School board members have proposed a major overhaul of district infrastructure, with a particular emphasis on multimillion-dollar ventilation projects. They’d hoped to get a bond measure approved by the Township Council before this fall’s referendum changed Montclair’s style of school district, but now any bond will have to go before voters, and school officials say that’s not likely until November of 2022.
With the most extensive ventilation upgrades on hold, open windows are essential to keeping students and staff safe, Klabin told Montclair Local.
On Sept. 11, he sent a letter to schools Superintendent Jonathan Ponds and to Montclair Board of Education members, asking for every window in every room in every Montclair school to be opened as much as possible. He also asked for more air filters to be installed in classrooms.
“You said in an interview you are up at night worrying about the schools — the current window situation is so ridiculous that you should skip sleeping altogether and go open windows,” he said in the letter to Ponds, also published on Montclair Local’s website. Klabin was among several parents who previously advocated against bipolar ionization devices installed in classrooms during the 2020-2021 school year. Those have since been turned off.

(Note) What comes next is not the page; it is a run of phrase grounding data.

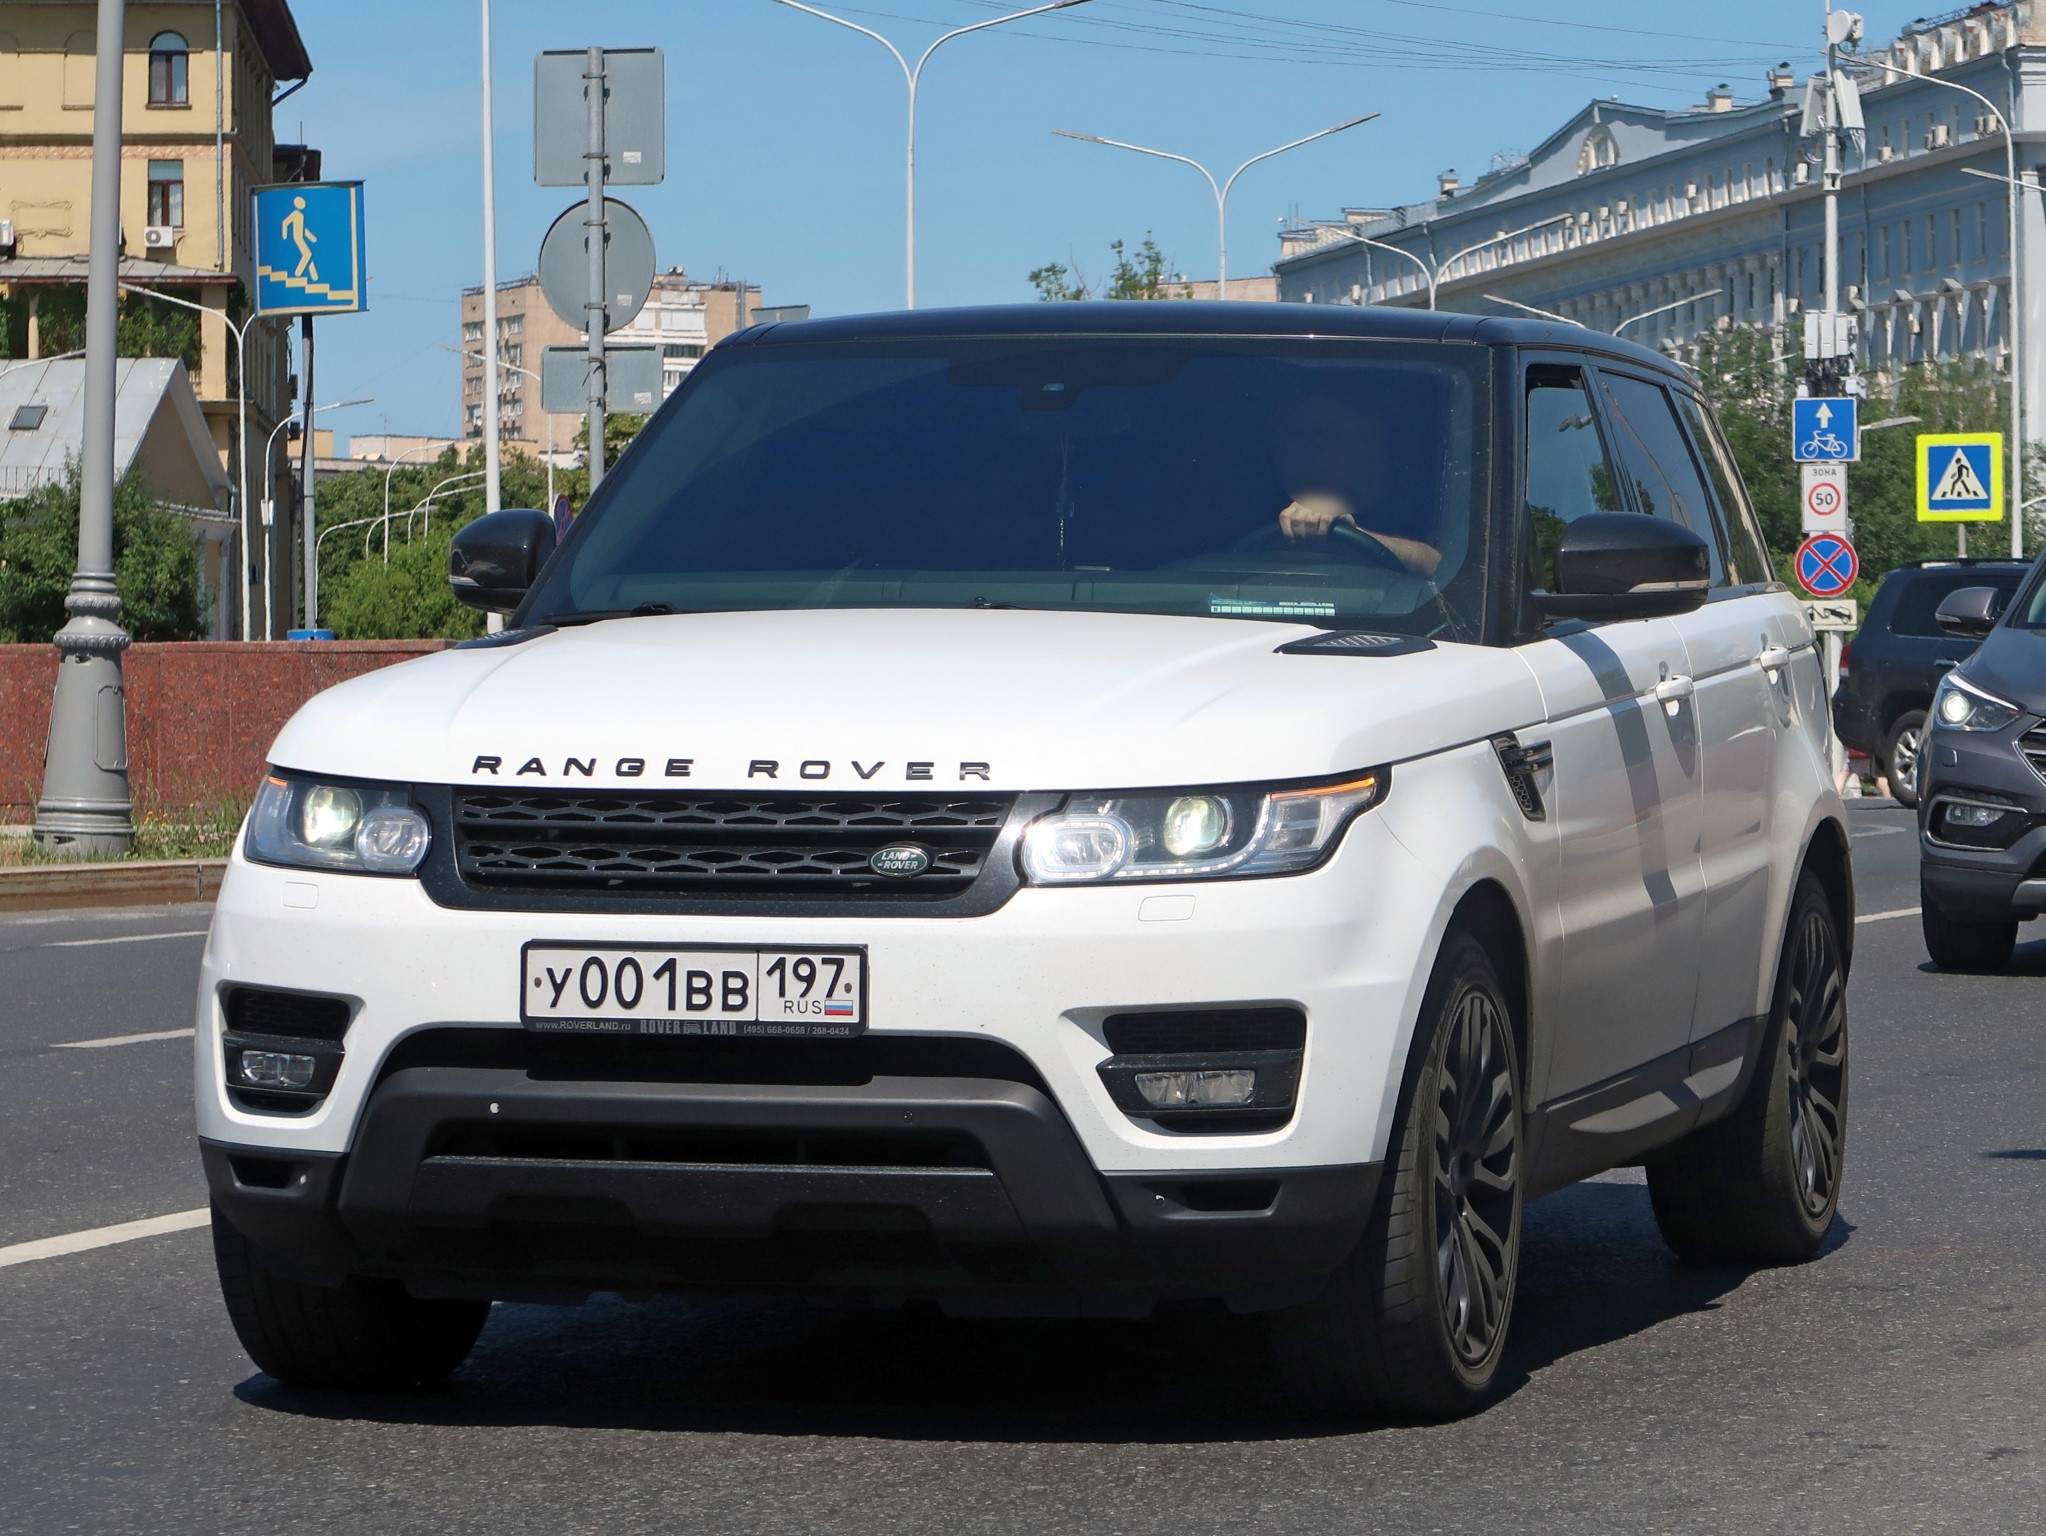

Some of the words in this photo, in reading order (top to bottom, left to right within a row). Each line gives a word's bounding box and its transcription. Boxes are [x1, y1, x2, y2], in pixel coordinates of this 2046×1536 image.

[1811, 468, 1837, 477] ЗОНА
[1816, 493, 1834, 506] 50
[472, 755, 694, 777] RANGE
[747, 759, 991, 781] ROVER
[765, 956, 846, 998] 197
[783, 1000, 822, 1015] RUS
[535, 1020, 631, 1031] www.ROVERLAND.ru
[640, 1019, 681, 1034] ROVER
[703, 1022, 736, 1035] LAND
[743, 1025, 765, 1035] (495)

At a Sept. 20 school board meeting, Ponds said all windows were to be opened 6 inches, a directive that had gone out to buildings and grounds staff from business administrator Nicholas Cipriano. Ponds said the district had worked with Parette Somjen Architects on the plan.
But the district did not consult an air quality expert during its policy development, Klabin said. Parette Somjen Architects consulted mechanical engineers with HVAC expertise while advising the district, a representative of the company told Montclair Local.
“We do investigate these things,” Ponds said at the Sept. 20 meeting. “I just want to make sure that’s clear.”
Klabin met with the board’s finance and facilities committee, and he recommended going further — opening all first-floor windows and all upper sashes of second-floor windows; the bottoms of second-floor windows are kept closed to avoid fall hazards. If the upper sashes couldn’t be opened, he suggested putting a fall protection device in each classroom, at a cost of about $500 per school. The group was receptive to his plan, Klabin said, but that version of the plan never went into effect.
Board of Education President Latifah Jannah, Vice President Priscilla Church and board member and finance and facilities Chair Eric Scherzer referred questions about mitigation measures to Ponds. The superintendent, though, has not responded to multiple interview requests and questions regarding COVID-19 mitigation measures sent to his district address beginning Oct. 31.
Scherzer said at an Oct. 6 meeting that the committee spends “a tremendous amount of time” talking about “what seems like an incredibly simple topic” — opening windows — but that it’s actually more involved than people outside the discussions might understand. Opening the windows partially, he said, “is a concrete thing that we can do,” he said.
Still, at multiple board meetings this fall, Klabin, other parents and board members said they’d seen windows remaining shut, despite the district policy. Church said at the Oct. 6 meeting that she was “paralyzed” by photos of closed windows sent in by parents.
“Particularly this time of the year, when the weather is mild, we should just be in solidarity that these windows have to be open, even if we have to send a notice home to the parents that the kids bring a sweater or a little sweatshirt in your backpack,” she said.
But Montclair High School physical education and health teacher Tracy Aytch said at the meeting some windows just won’t budge; custodians had told her work orders were in to get them repaired.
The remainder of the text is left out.